SAW THIS PROGRAMME A while back. About this nice family who sold up, quit their high-powered jobs, and went bush with their kids – living simply and self-sufficiently six hours from the nearest shop.
My cup of tea? Nah, not really. I’m too fond of my comfort and mod-cons. But every now and then I sense that something’s missing. I mean, look at us:
We work at a pace we wish we didn’t have to … to earn money that’s never enough … to buy things we don’t really need … to impress people we don’t really like.

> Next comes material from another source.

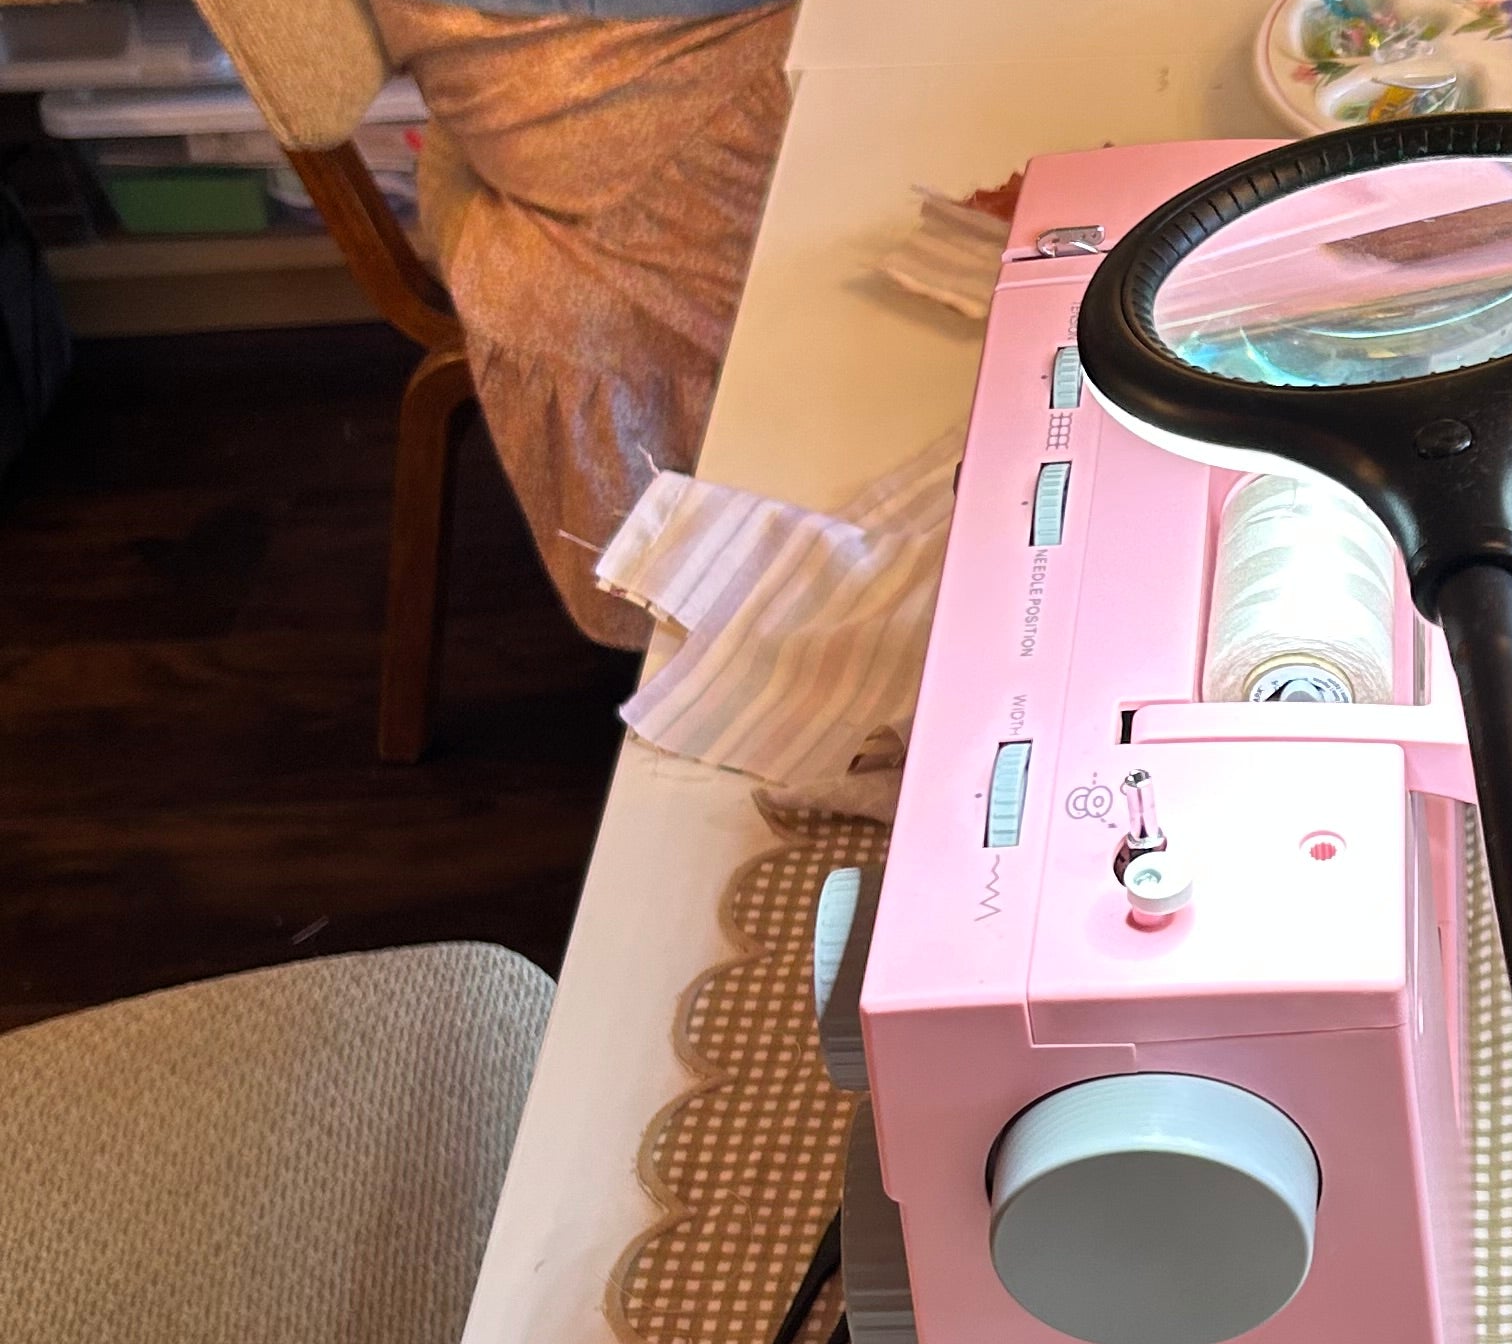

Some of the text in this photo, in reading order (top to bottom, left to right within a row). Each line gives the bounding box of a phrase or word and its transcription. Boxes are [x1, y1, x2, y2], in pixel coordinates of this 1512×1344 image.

[1020, 549, 1048, 657] NEEDLE POSITION
[1009, 694, 1028, 736] WIDTH

We put so much effort into having a good time, it fair wears us out.
We’re like Bono in that U2 song: ‘I still haven’t found what I’m looking for …’
He explained it once in an interview: “You don’t become a rock star unless you’ve got something missing, that’s obvious to me. If you were a more complete person, you could feel normal without 70,000 people a night screaming their love for you.
“Blaise Pascal called it a God-shaped hole,” says Bono. “Everyone’s got one, but some are blacker and wider than others. It’s a feeling of being abandoned, cut adrift in space and time. I was like the character in that old blues song, ‘Sometimes I feel like a motherless child …’
“My own hole can still open up. I don’t think you ever completely fill it. You can try – with songs, family, faith, and a full life. But when things are silent you can still hear the hissing of what’s missing …”
Ouch – touché! Bono’s words seem to echo Saint Augustine’s: “You have made us for yourself, O Lord, and our hearts are restless ‘til they find their rest in you.”